[[ Dataset extract open ]]

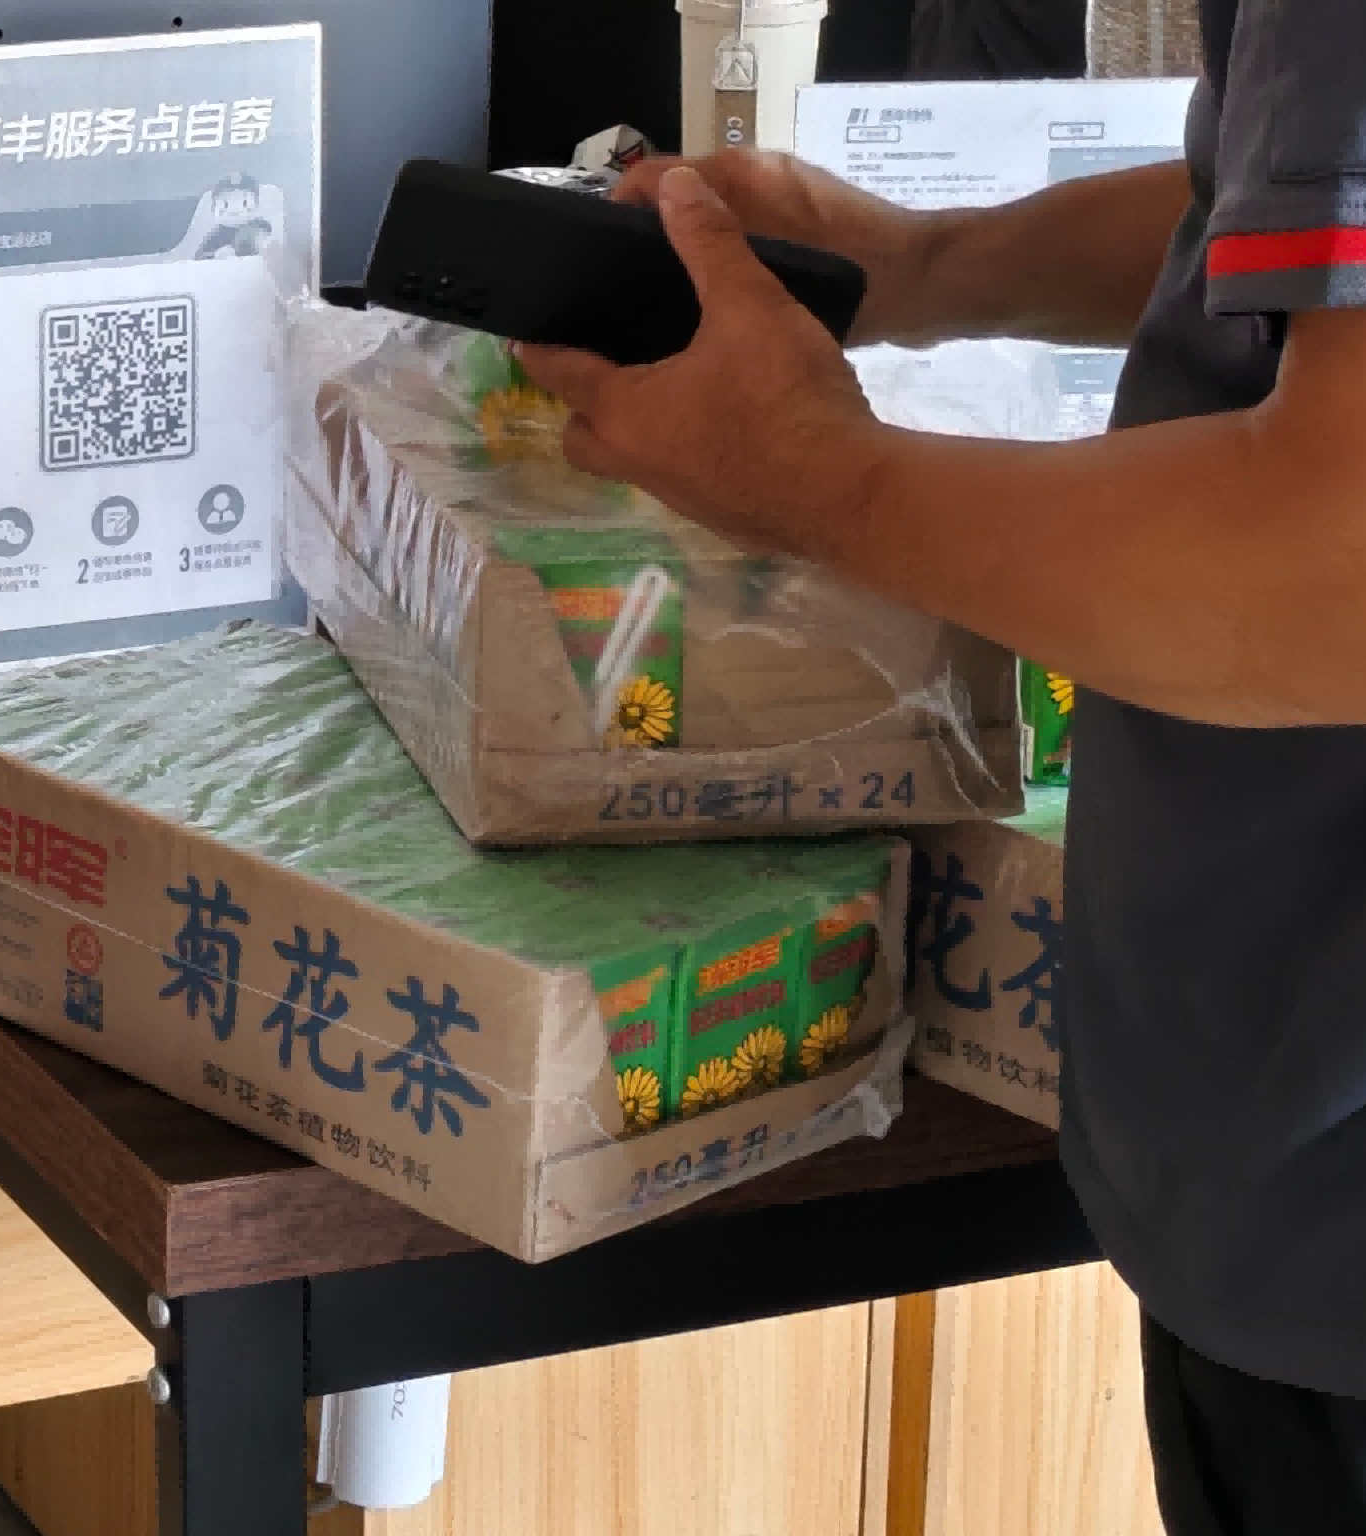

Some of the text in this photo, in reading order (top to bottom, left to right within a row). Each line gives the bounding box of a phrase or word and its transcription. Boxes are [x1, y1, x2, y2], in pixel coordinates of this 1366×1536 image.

[725, 115, 745, 148] CO
[158, 875, 492, 1139] 菊花茶
[202, 1060, 432, 1192] 菊花茶植物饮料
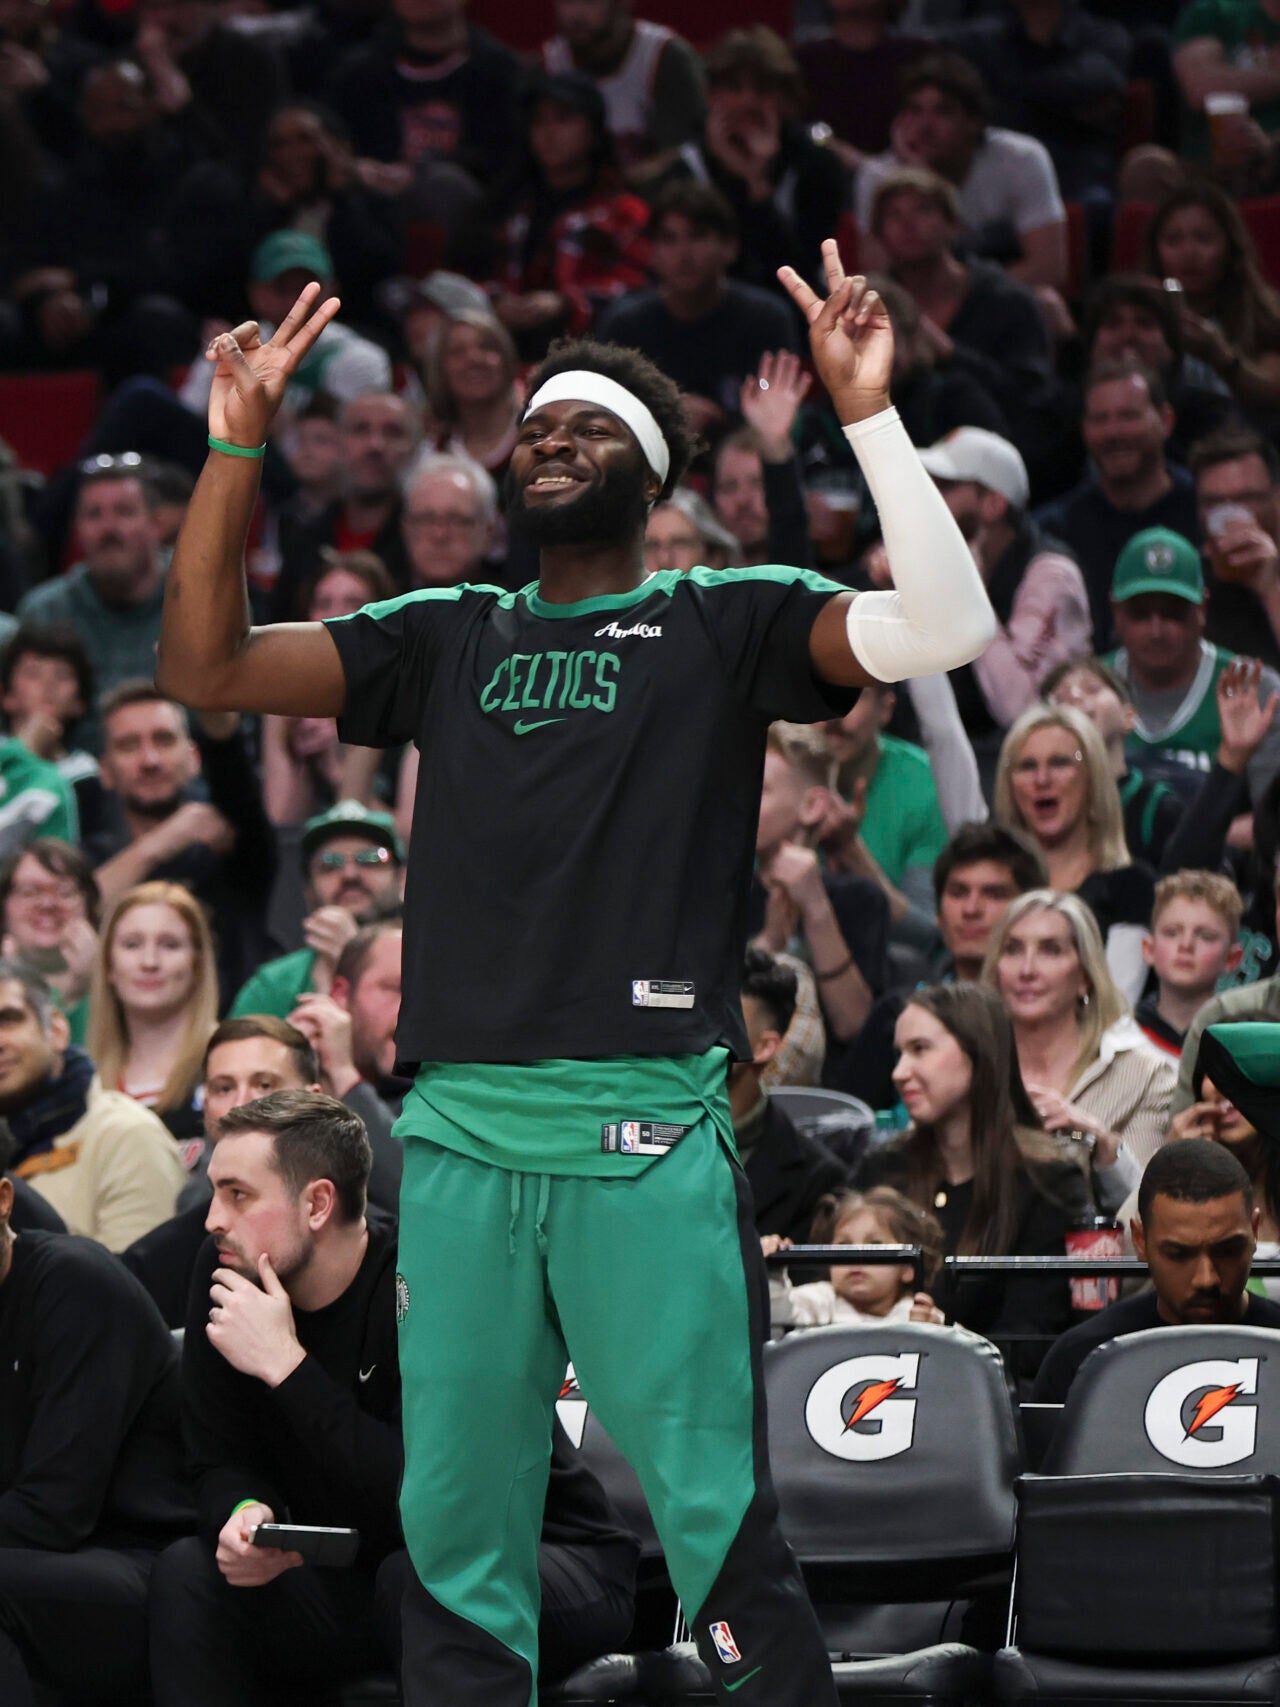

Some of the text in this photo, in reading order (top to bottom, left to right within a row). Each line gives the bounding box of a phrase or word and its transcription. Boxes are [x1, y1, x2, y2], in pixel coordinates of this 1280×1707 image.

[480, 650, 620, 714] CELTICS
[804, 1352, 920, 1462] G
[1143, 1357, 1259, 1469] G
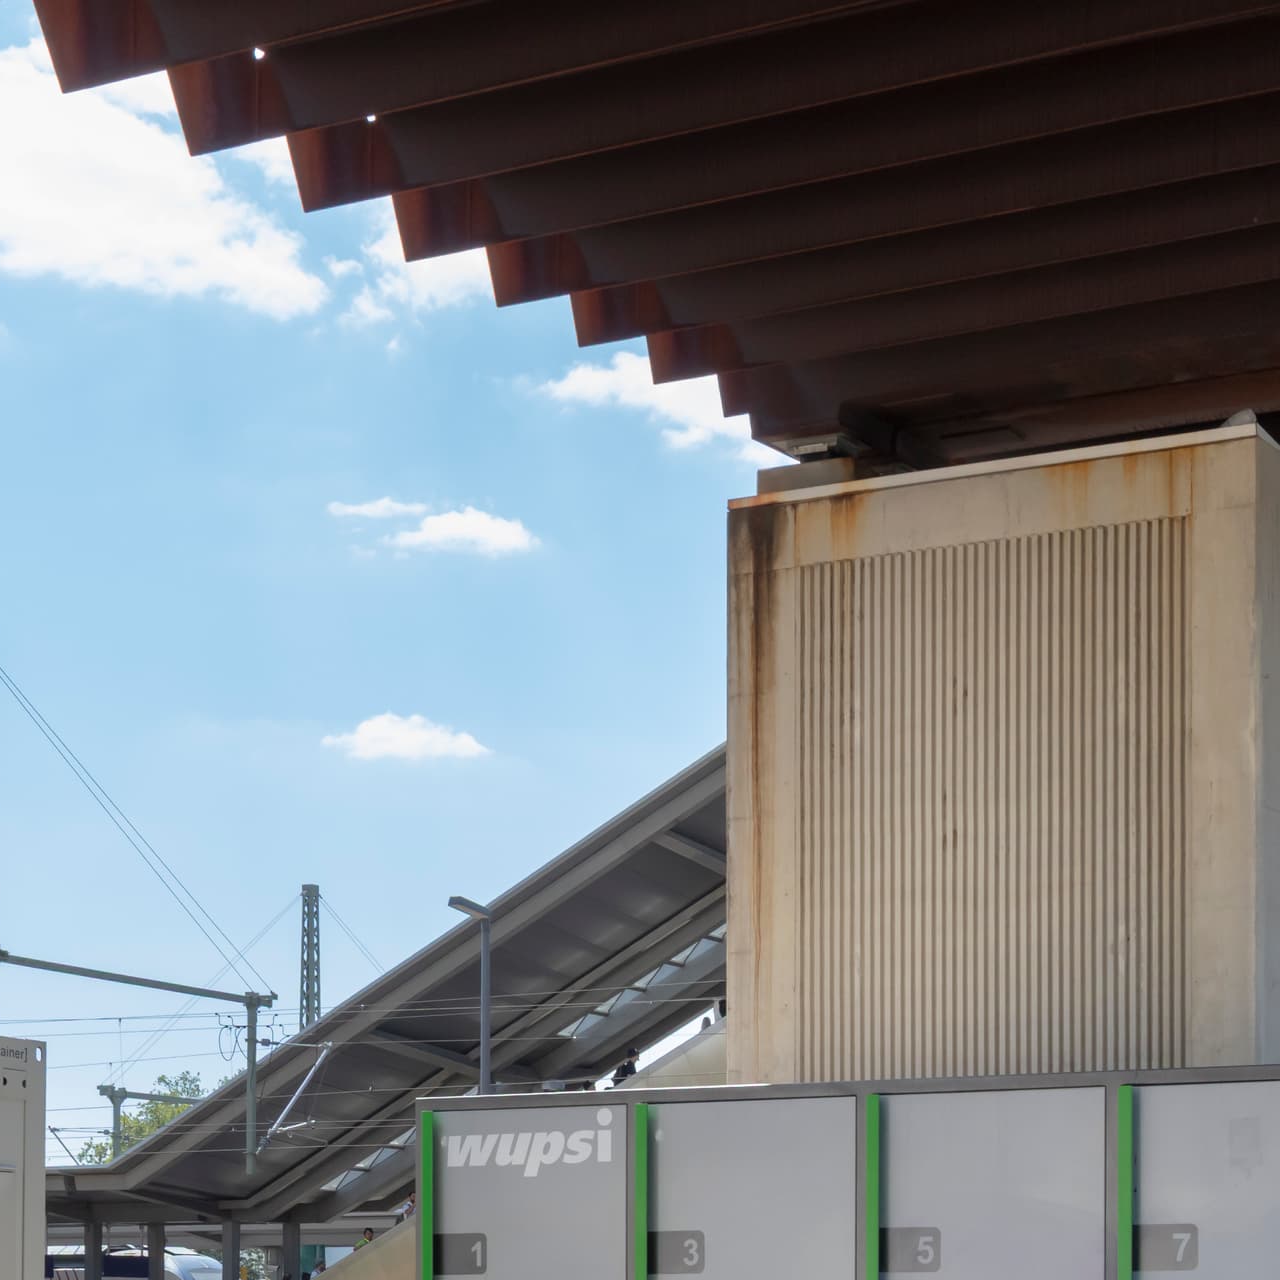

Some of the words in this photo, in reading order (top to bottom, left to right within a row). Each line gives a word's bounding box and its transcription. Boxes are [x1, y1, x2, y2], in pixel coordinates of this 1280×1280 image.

[447, 1108, 613, 1177] wupsi
[471, 1241, 482, 1267] 1
[683, 1238, 699, 1266] 3
[917, 1236, 934, 1264] 5
[1172, 1233, 1191, 1262] 7
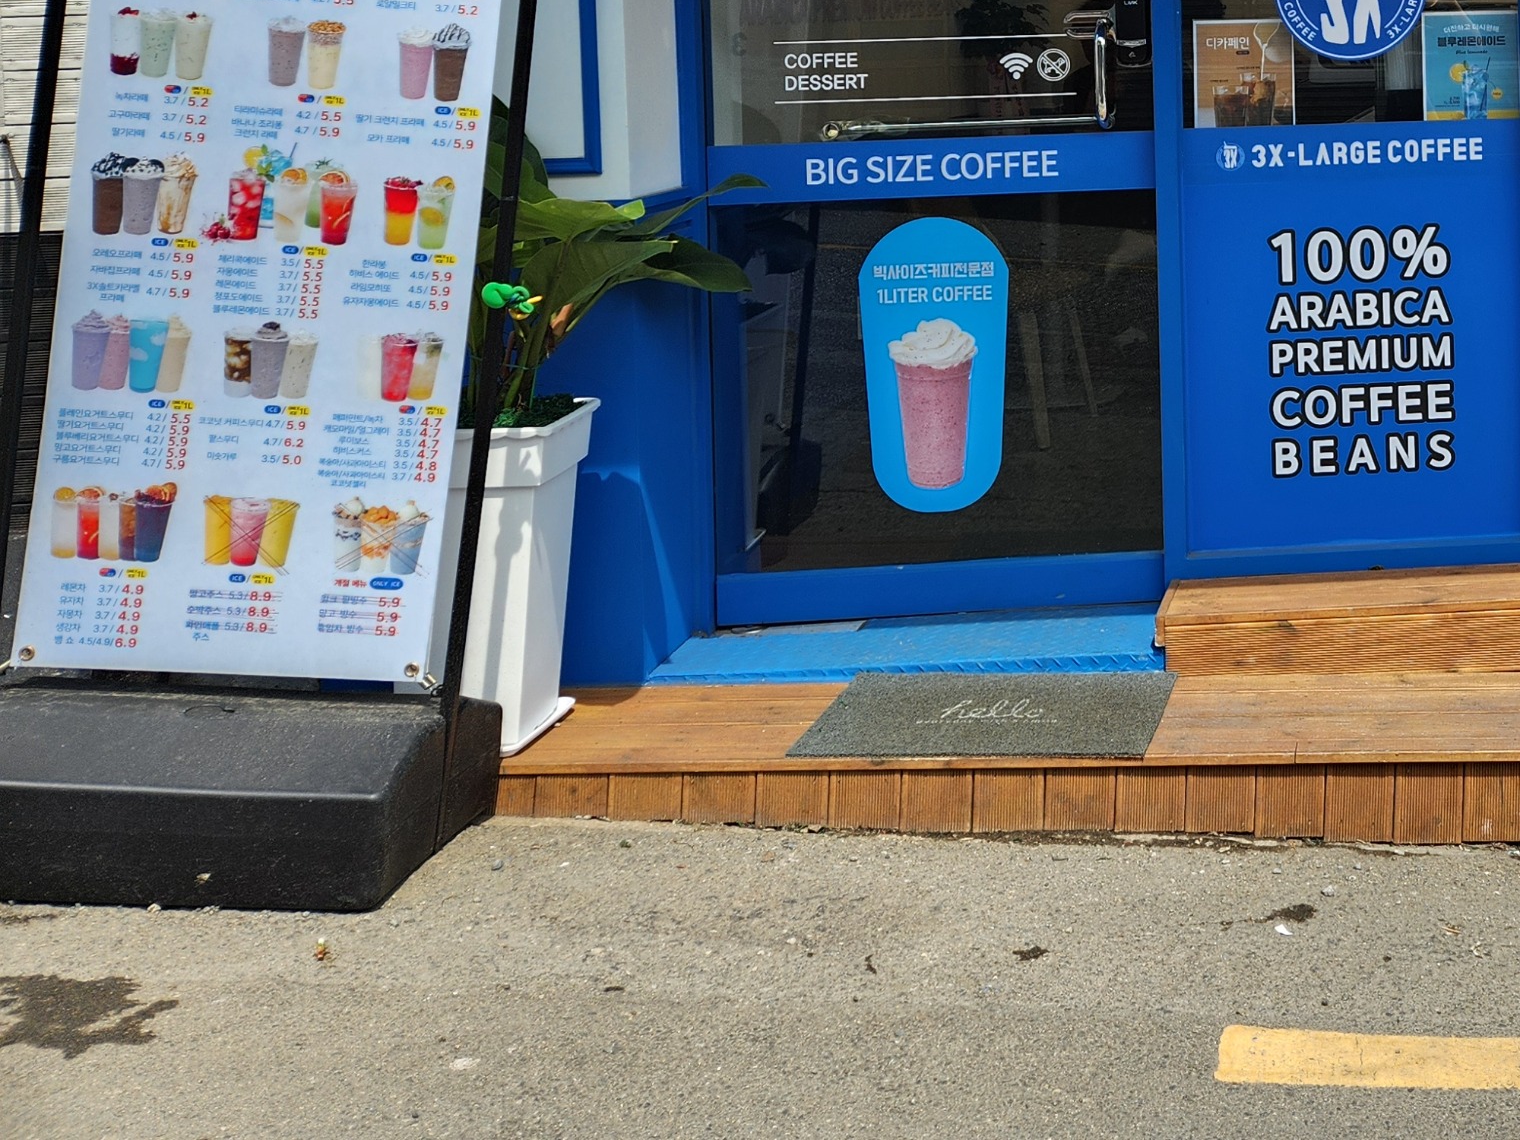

[[ Dataset extract closed ]]

Activity:
Write the lines from the one containing "Some of the words" through the end of the data above exactly as they appear, and do not carry over any picture.

Expected output:
Some of the words in this photo, in reading order (top to bottom, left to right within a row). Each line gives a word's bounding box and its transcription. Boxes are [x1, y1, x2, y2], in pixel coordinates of this 1280×1280 image.

[447, 1108, 613, 1177] wupsi
[471, 1241, 482, 1267] 1
[683, 1238, 699, 1266] 3
[917, 1236, 934, 1264] 5
[1172, 1233, 1191, 1262] 7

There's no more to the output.